We need to be cautious, though, about the way the Riddle, et al., study is interpreted – conclusions we can draw from many studies such as the Bourne, et al., (2010), Jeffery, et al., (2010), and many non-joint-replacement studies on back pain and disability show that it’s the distress, or how well the person adjusts to having ongoing pain, and the impact that this has on function, treatment seeking and well-being in general, not the pain intensity that seems to matter.

Returning to the Jeffrey, et al. (2011) study, presurgical preparation by the surgeon seemed to play an important role in how well people accepted ongoing pain. Those that had been advised that pain is likely seemed to view pain as normal, and were therefore more able view the pain as able to be tolerated.

Where am I going with this?

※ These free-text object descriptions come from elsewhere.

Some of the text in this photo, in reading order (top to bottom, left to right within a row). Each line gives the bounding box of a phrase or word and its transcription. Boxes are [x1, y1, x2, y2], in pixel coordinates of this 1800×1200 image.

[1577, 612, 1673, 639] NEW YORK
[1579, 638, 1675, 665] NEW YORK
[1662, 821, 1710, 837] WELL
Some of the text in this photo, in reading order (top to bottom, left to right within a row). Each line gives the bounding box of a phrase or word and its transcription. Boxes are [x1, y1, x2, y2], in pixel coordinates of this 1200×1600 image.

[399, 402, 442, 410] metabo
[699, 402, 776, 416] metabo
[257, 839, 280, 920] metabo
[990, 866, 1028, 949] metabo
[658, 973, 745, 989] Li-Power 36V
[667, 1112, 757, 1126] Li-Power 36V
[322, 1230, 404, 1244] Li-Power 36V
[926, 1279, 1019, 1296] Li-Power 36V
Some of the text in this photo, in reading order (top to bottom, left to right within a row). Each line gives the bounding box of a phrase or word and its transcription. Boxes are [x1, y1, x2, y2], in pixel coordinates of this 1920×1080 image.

The main points I want to make are these:

  • post-TKJR pain is common, with up to 30% of people continuing to have pain for 12 months after surgery
  • persistent pain is the most common reason for revision of TKJR
  • the degree of pain is not directly related to distress or function
  • there are several vulnerability factors that can be identified before surgery that are correlated with post-surgical pain
  • at least some of these factors can be addressed before surgery, while how we respond immediately after surgery can also have an impact

Maybe one of the best ways we can help people cope is to inform people prior to surgery that persistent pain afterwards is common, therefore not an indicator of something awful – then after surgery, give people with risk factors such as catastrophising, health anxiety, distress, low mood and limited social resources adequate and appropriate chronic pain self management sooner rather than later.

And perhaps surgeons could remember that surgery is not a quick fix for up to one third of their knee joint replacement patients.

Bourne, R. B., Chesworth, B. M., Davis, A. M., Mahomed, N. N., & Charron, K. D. (2010). Patient satisfaction after total knee arthroplasty: who is satisfied and who is not? Clinical Orthopaedics & Related Research, 468(1), 57-63.

Jeffery, A., Wylde, V., Blom, A., & Horwood, J. (2011). “It’s there and I’m stuck with it”: Patients’ experiences of chronic pain following total knee replacement surgery Arthritis Care & Research, 63 (2), 286-292 DOI: 10.1002/acr.20360

Riddle, D. L., Wade, J. B., Jiranek, W. A., & Kong, X. (2010). Preoperative pain catastrophizing predicts pain outcome after knee arthroplasty. Clinical Orthopaedics & Related Research, 468(3), 798-806.